Начинаю уже думать и чувствовать, что самое лучшее общение с иными странами (городами, пространствами и т.д.) — в воображении.

А может быть (скорее всего!) и с жизнью вообще.

По всем вероятностям, это уже старость — начало её, которая привязывает человека к хорошо обжитому месту, всё более замедляет его, чтобы в конце концов остановить его совсем.

Укоренённость в хорошо обжитом пространстве, — нашёптывают человеку во все уши лень и инерция, — сообщает человеку объёмность и медленную глубину, греет, как тёплая шкура, расширяет человека до размеров самого этого пространства — да и ещё шире. В чужом пространстве, — долбят они далее, — обретаешь мнимую легковесность, картонность, условность, болтаешься там, как пустышка. Своё пространство насыщает подлинностью. Восприятие чужого, — терпеливо насвистывают они, — поверхностно по определению. А тебе же хочется глубины, её только и хочется, правда ведь, правда?..

Правда, дорогие.

Отродясь будучи существом медленным и внутренним (и отродясь же предпочитавшим всё — в воображении), теперь сама удивляюсь, что ж это я так яростно, преодолевая уже и собственное внутреннее сопротивление, мотаюсь по свету (что-то очень родственное невротической гиперпродуктивности, которая наше всё). Хочется же свернуться в раковину и в ней сидеть, а я себя вытягиваю оттуда за волосы и мотаюсь, мотаюсь, мотаюсь… — В общем-то понимаю, на самом деле. Это как раз сопротивление медленности, остыванию, старению и окончанию жизни, усилия им дерзить и противоречить, делать вид, будто их нет.

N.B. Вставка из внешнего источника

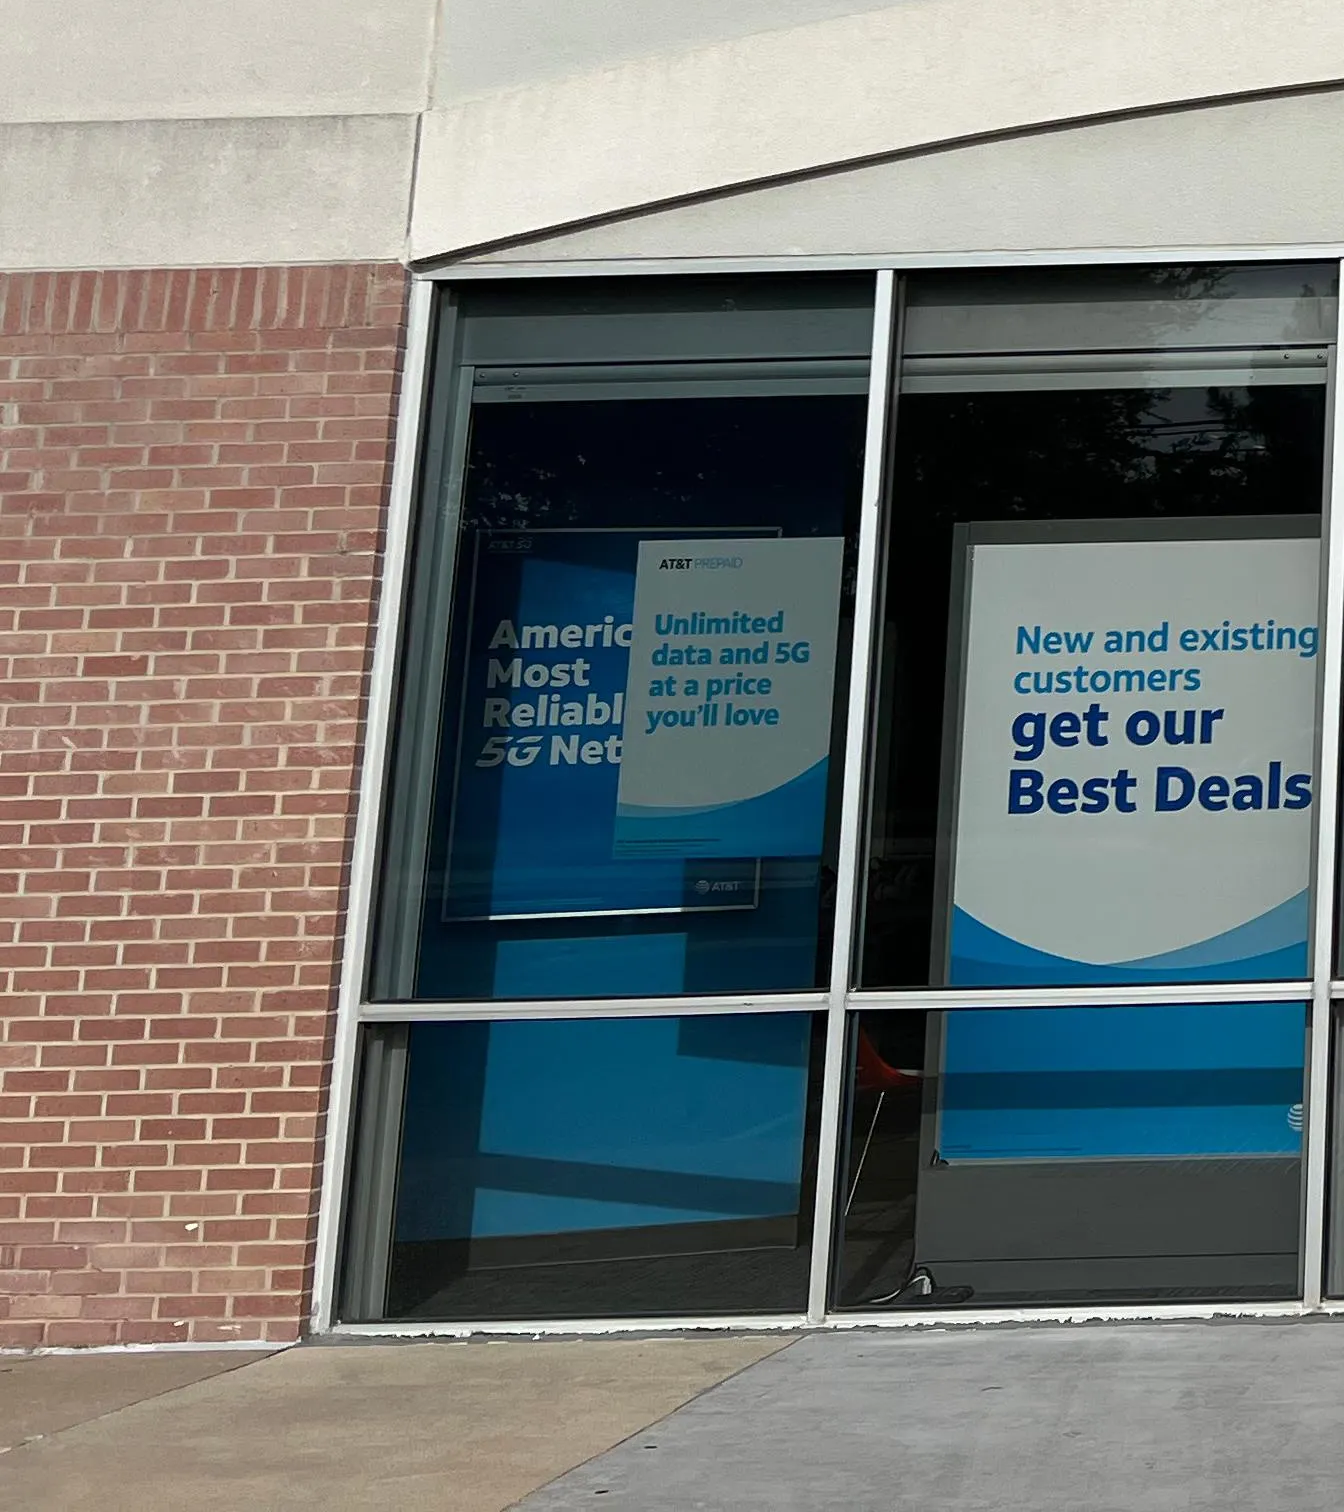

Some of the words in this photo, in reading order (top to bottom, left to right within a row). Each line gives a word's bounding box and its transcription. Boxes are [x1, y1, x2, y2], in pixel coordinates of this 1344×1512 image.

[659, 558, 693, 570] AT&T
[694, 557, 743, 569] PREPAID
[488, 616, 633, 649] Americ
[654, 611, 784, 636] Unlimited
[1015, 626, 1095, 655] New
[1104, 622, 1169, 653] and
[1180, 620, 1319, 658] existing
[651, 644, 712, 667] data
[719, 641, 768, 665] and
[774, 642, 810, 664] 5G
[487, 657, 590, 688] Most
[648, 676, 677, 697] at
[684, 679, 699, 696] a
[705, 673, 772, 702] price
[1014, 666, 1201, 694] customers
[483, 692, 624, 728] Reliabl
[645, 703, 718, 734] you'll
[725, 703, 779, 726] love
[1011, 703, 1109, 761] get
[1125, 709, 1225, 746] our
[475, 735, 544, 768] 5G
[550, 734, 623, 766] Net
[1008, 769, 1137, 814] Best
[1155, 761, 1313, 813] Deals
[711, 881, 740, 891] AT&T
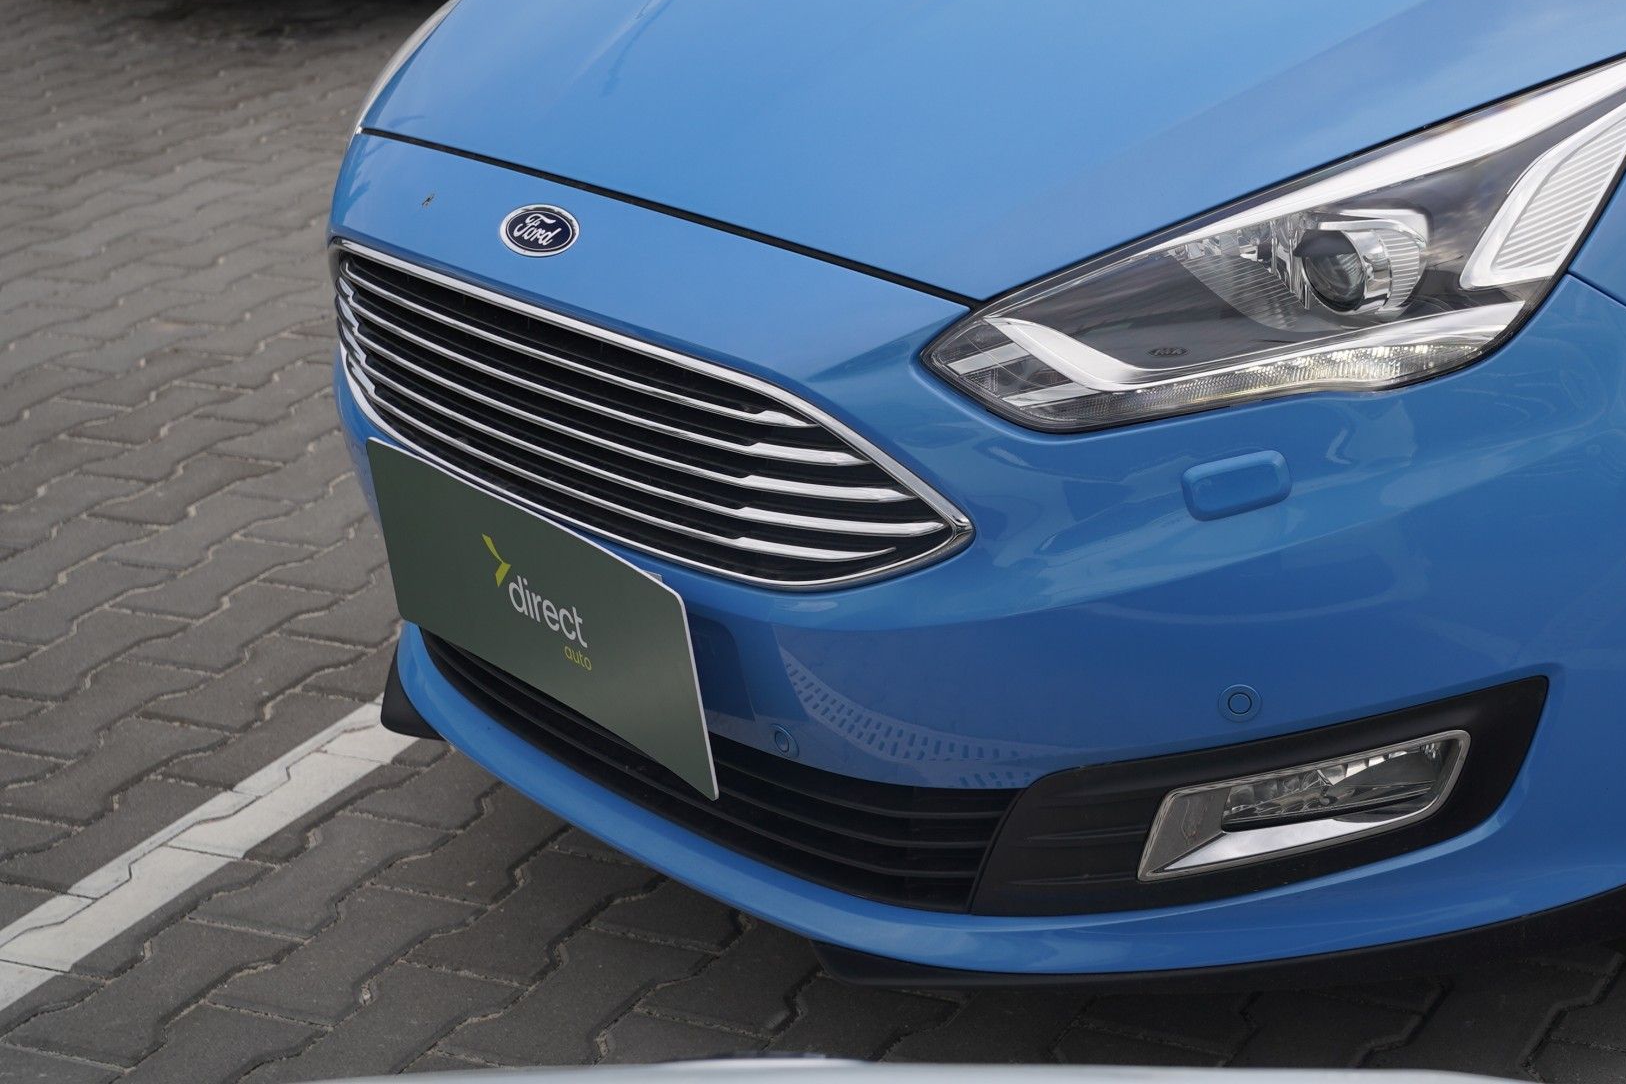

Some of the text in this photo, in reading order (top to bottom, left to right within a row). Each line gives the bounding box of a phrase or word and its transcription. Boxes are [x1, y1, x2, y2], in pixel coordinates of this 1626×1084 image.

[513, 213, 562, 246] Ford
[508, 575, 588, 648] direct
[564, 646, 592, 671] auto

Перемещения в пространстве — простейший протест против смерти, один из простейших, даже при том, что они и сами — разновидность умирания, лёгонькая такая, лайт-версия. — Лежащая в их основе, в основе стремления к ним интуиция: наберу в себя много-много-много жизни — и не умру. Она-де самим своим количеством вытеснит смерть. Не оставит ей места.

О расширяющем

Человечество создало множество — только пользуйся! — средств против узости (чтобы не быть ею поглощённым, приходится всё время создавать ей противовесы, противотенденции, вот и насоздавали), и хождение по пространствам (лучше — по неизведанным, неосвоенным) — одно из наиболее действенных (по крайней мере, кажется таковым). Вообще, для словесных людей нет вернее противотенденции к собственной узости, чем интенсивный контакт с разного рода несловесным — о музыки и цвета в любых его состояниях — до пространственных объёмов в их многообразии.

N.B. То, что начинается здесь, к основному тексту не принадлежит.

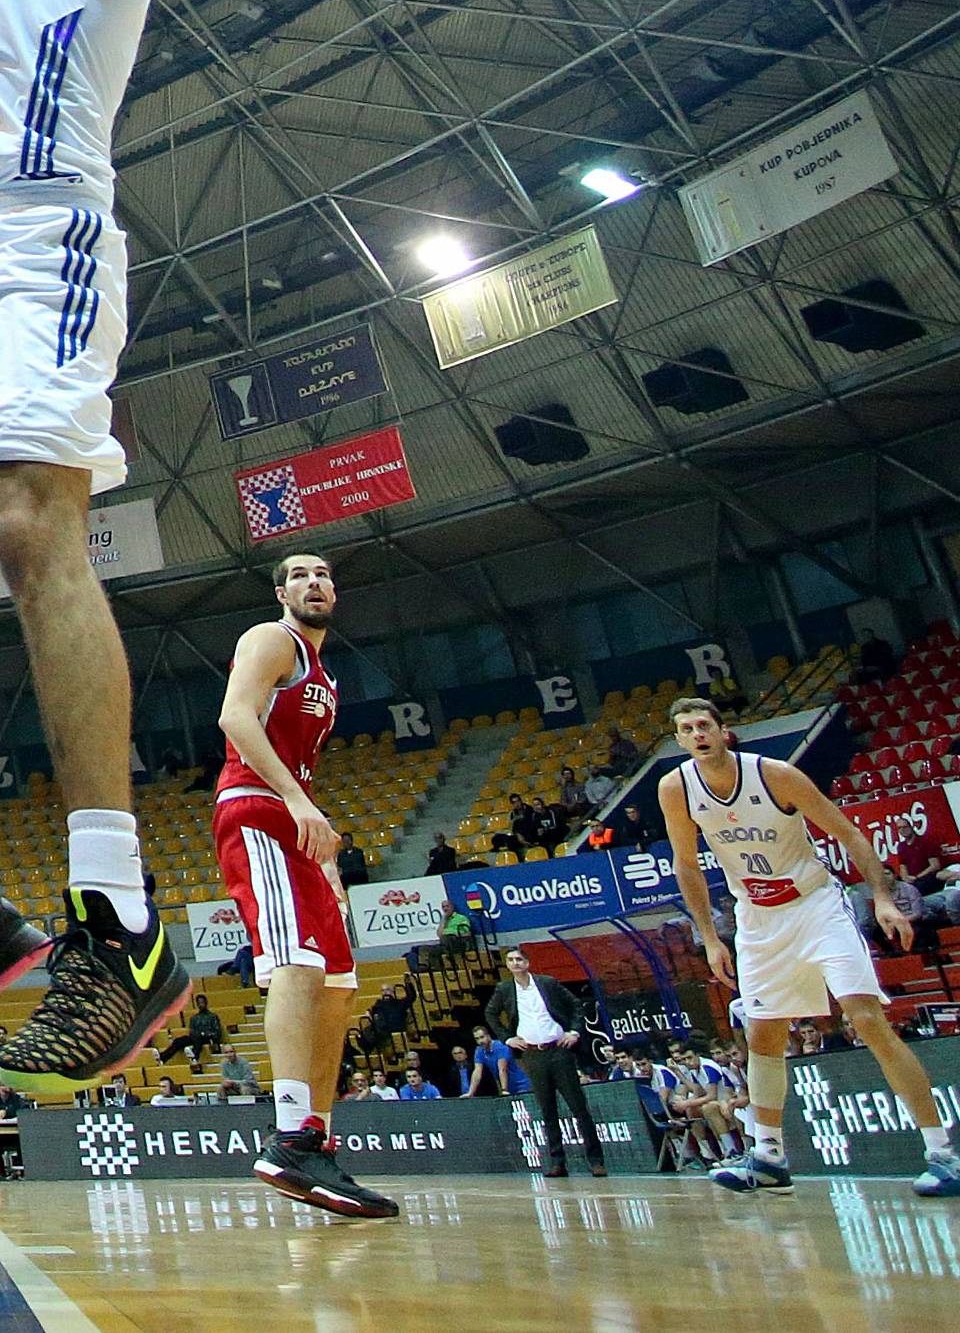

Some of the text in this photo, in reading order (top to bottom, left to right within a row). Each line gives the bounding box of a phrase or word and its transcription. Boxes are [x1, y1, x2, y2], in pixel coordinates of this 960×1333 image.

[759, 112, 863, 174] KUP POBJEDNIKA
[793, 149, 842, 181] KUPOVA
[311, 361, 334, 375] KUP
[330, 450, 366, 469] PRVAK
[299, 459, 404, 497] REPUBLIKE HRVATSKE
[341, 491, 370, 507] 2000
[536, 675, 578, 714] E
[388, 701, 431, 739] R
[740, 851, 773, 876] 20
[502, 874, 603, 907] QuoVadis
[363, 903, 441, 934] Zagreb
[611, 1008, 650, 1040] galić
[391, 1131, 445, 1151] MEN

Потому и не сопротивляйся.

Пока не исчезнет совсем

Пространство — ковш для зачерпывания времени, воздуха и света. Для этого только и нужно. Иначе им совсем не в чем было бы задержаться.

Конечно, они всё равно в нём не удерживаются, — сквозящий ковш, сквозной, — но едва заметные их частички, капельки оседают на стенках пространства, впитываются в них, оплотневают, — и пространство постепенно начинает из них состоять: всё больше из них, всё меньше из самого себя.

Пока, может быть, не исчезает совсем.

Затем и ходим, и ездим в разные пространства: за исчезающим, исчезнувшим временем, за осязаемыми — чтобы рукой пощупать можно было — доказательствами того, что смерти ну хоть сколько-нибудь, ну хоть совсем чуточку нет.

Крупнее значительного

Городами мы вговариваем в себя мир. Трудной их, комковатой речью, полной иносказаний и умолчаний, намёков и метафор, да и не без косноязычия.

Среди самого сильного в путешествиях — переключение, причём мгновенное, щелчком — моделей восприятия, моментальное изменение внутренних настроек. Привыкши десятилетиями воспринимать, например, Триест как город-миф, город-тайну, город-границу, город-невозможность на рубеже нескольких едва соспоставимых, пробивающихся друг сквозь друга миров: романского и славянского, австро-венгерского и итальянского во времени, австро-венгерского и внеавстро-венгерского в пространстве, наконец — сложной суши и ясного моря (Триест: в самом имени его с треском разламывалась, ветвилась, как громадное дерево, кривая щель между мирами, хлестал оттуда влажный сквозняк, бил озноб), — вдруг с изумлением видишь его как среду обитания, уютную и самоочевидную для его обитателей. Тому уж восемь с лишним лет, а всё помнится, и не хочу забывать. — Вдруг обнаруживаешь, что многочисленные складки этого драматически-тяжёлого занавеса между (воображаемыми тобою) мирами плотно заполнены тщательной, кропотливой, вполне маленькой и повседневной жизнью. Она снуёт в нём, как муравьи в огромном, поваленном бурей стволе, протачивает ходы, исподволь втолковывает в него мелкую и подробную логику своих извивов. Город — огромная тень, отбрасываемая поколениями людей, не исчезающая даже тогда, когда эти поколения уходят, — но, о чудеса, — оказывается, эта тень не давит. (А мнится, ох как должна бы! — ведь она самим количеством своим, не говоря о качестве, многократно превосходит то, что делается здесь и сейчас.) В нём, оказывается, можно просто так сидеть, болтая, на лавочках, скатываться с горок на детских площадках (нимало не содрогаясь от величия города и его памяти!), скучать на автобусных остановках, покупать молоко и хлеб в супермаркете, устало идти вечером домой, не обращая никакого внимания на драматически обстающие тебя величественные декорации города.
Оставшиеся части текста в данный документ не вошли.